-- Goal of the exercise --
The entire listing below is to be transcribed without a single slip.

*** Dataset entries ***

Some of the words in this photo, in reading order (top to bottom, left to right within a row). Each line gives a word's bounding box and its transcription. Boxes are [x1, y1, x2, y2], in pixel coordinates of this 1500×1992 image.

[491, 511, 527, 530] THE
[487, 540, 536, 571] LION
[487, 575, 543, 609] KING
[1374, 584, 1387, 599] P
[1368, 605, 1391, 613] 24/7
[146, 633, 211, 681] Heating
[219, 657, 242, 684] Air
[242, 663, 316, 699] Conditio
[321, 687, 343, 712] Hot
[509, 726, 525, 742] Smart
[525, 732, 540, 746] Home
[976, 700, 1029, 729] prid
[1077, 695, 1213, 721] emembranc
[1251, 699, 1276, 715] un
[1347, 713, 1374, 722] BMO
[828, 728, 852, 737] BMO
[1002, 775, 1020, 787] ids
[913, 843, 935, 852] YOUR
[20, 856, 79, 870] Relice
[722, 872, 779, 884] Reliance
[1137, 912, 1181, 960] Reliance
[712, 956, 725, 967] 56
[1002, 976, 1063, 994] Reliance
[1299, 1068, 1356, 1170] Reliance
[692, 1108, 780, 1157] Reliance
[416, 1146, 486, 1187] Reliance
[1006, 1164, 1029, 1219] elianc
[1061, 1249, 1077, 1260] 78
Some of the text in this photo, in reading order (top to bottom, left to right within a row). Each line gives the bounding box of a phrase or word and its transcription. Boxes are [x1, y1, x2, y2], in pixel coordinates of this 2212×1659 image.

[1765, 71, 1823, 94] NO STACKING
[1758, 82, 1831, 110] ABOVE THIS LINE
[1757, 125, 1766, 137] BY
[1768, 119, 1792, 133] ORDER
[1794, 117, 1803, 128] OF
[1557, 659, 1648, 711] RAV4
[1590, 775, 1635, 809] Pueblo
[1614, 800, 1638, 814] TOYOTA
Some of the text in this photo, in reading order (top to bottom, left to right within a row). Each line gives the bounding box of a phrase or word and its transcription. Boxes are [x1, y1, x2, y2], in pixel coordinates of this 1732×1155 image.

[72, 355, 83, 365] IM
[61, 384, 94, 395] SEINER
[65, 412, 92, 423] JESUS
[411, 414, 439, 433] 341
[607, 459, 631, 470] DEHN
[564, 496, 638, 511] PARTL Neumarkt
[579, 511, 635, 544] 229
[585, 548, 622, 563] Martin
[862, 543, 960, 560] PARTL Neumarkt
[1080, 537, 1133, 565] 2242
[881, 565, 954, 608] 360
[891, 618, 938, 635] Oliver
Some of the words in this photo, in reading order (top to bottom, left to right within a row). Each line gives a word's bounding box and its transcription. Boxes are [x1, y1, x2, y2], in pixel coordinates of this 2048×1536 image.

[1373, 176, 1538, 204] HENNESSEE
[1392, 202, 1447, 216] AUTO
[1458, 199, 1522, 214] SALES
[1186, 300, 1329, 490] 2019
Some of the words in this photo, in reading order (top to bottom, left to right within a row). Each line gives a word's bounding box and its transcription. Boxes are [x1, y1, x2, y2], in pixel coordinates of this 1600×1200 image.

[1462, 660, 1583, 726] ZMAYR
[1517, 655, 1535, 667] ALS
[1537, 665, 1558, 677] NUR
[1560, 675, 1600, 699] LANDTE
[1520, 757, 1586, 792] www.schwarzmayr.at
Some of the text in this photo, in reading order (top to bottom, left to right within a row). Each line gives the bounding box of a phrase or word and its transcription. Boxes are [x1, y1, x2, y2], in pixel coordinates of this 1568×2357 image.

*** End of Dataset entries ***

-- Result --
Some of the words in this photo, in reading order (top to bottom, left to right within a row). Each line gives a word's bounding box and its transcription. Boxes are [x1, y1, x2, y2], in pixel coordinates of this 1500×1992 image.

[491, 511, 527, 530] THE
[487, 540, 536, 571] LION
[487, 575, 543, 609] KING
[1374, 584, 1387, 599] P
[1368, 605, 1391, 613] 24/7
[146, 633, 211, 681] Heating
[219, 657, 242, 684] Air
[242, 663, 316, 699] Conditio
[321, 687, 343, 712] Hot
[509, 726, 525, 742] Smart
[525, 732, 540, 746] Home
[976, 700, 1029, 729] prid
[1077, 695, 1213, 721] emembranc
[1251, 699, 1276, 715] un
[1347, 713, 1374, 722] BMO
[828, 728, 852, 737] BMO
[1002, 775, 1020, 787] ids
[913, 843, 935, 852] YOUR
[20, 856, 79, 870] Relice
[722, 872, 779, 884] Reliance
[1137, 912, 1181, 960] Reliance
[712, 956, 725, 967] 56
[1002, 976, 1063, 994] Reliance
[1299, 1068, 1356, 1170] Reliance
[692, 1108, 780, 1157] Reliance
[416, 1146, 486, 1187] Reliance
[1006, 1164, 1029, 1219] elianc
[1061, 1249, 1077, 1260] 78
Some of the text in this photo, in reading order (top to bottom, left to right within a row). Each line gives the bounding box of a phrase or word and its transcription. Boxes are [x1, y1, x2, y2], in pixel coordinates of this 2212×1659 image.

[1765, 71, 1823, 94] NO STACKING
[1758, 82, 1831, 110] ABOVE THIS LINE
[1757, 125, 1766, 137] BY
[1768, 119, 1792, 133] ORDER
[1794, 117, 1803, 128] OF
[1557, 659, 1648, 711] RAV4
[1590, 775, 1635, 809] Pueblo
[1614, 800, 1638, 814] TOYOTA
Some of the text in this photo, in reading order (top to bottom, left to right within a row). Each line gives the bounding box of a phrase or word and its transcription. Boxes are [x1, y1, x2, y2], in pixel coordinates of this 1732×1155 image.

[72, 355, 83, 365] IM
[61, 384, 94, 395] SEINER
[65, 412, 92, 423] JESUS
[411, 414, 439, 433] 341
[607, 459, 631, 470] DEHN
[564, 496, 638, 511] PARTL Neumarkt
[579, 511, 635, 544] 229
[585, 548, 622, 563] Martin
[862, 543, 960, 560] PARTL Neumarkt
[1080, 537, 1133, 565] 2242
[881, 565, 954, 608] 360
[891, 618, 938, 635] Oliver
Some of the words in this photo, in reading order (top to bottom, left to right within a row). Each line gives a word's bounding box and its transcription. Boxes are [x1, y1, x2, y2], in pixel coordinates of this 2048×1536 image.

[1373, 176, 1538, 204] HENNESSEE
[1392, 202, 1447, 216] AUTO
[1458, 199, 1522, 214] SALES
[1186, 300, 1329, 490] 2019
Some of the words in this photo, in reading order (top to bottom, left to right within a row). Each line gives a word's bounding box and its transcription. Boxes are [x1, y1, x2, y2], in pixel coordinates of this 1600×1200 image.

[1462, 660, 1583, 726] ZMAYR
[1517, 655, 1535, 667] ALS
[1537, 665, 1558, 677] NUR
[1560, 675, 1600, 699] LANDTE
[1520, 757, 1586, 792] www.schwarzmayr.at
Some of the text in this photo, in reading order (top to bottom, left to right within a row). Each line gives the bounding box of a phrase or word and its transcription. Boxes are [x1, y1, x2, y2], in pixel coordinates of this 1568×2357 image.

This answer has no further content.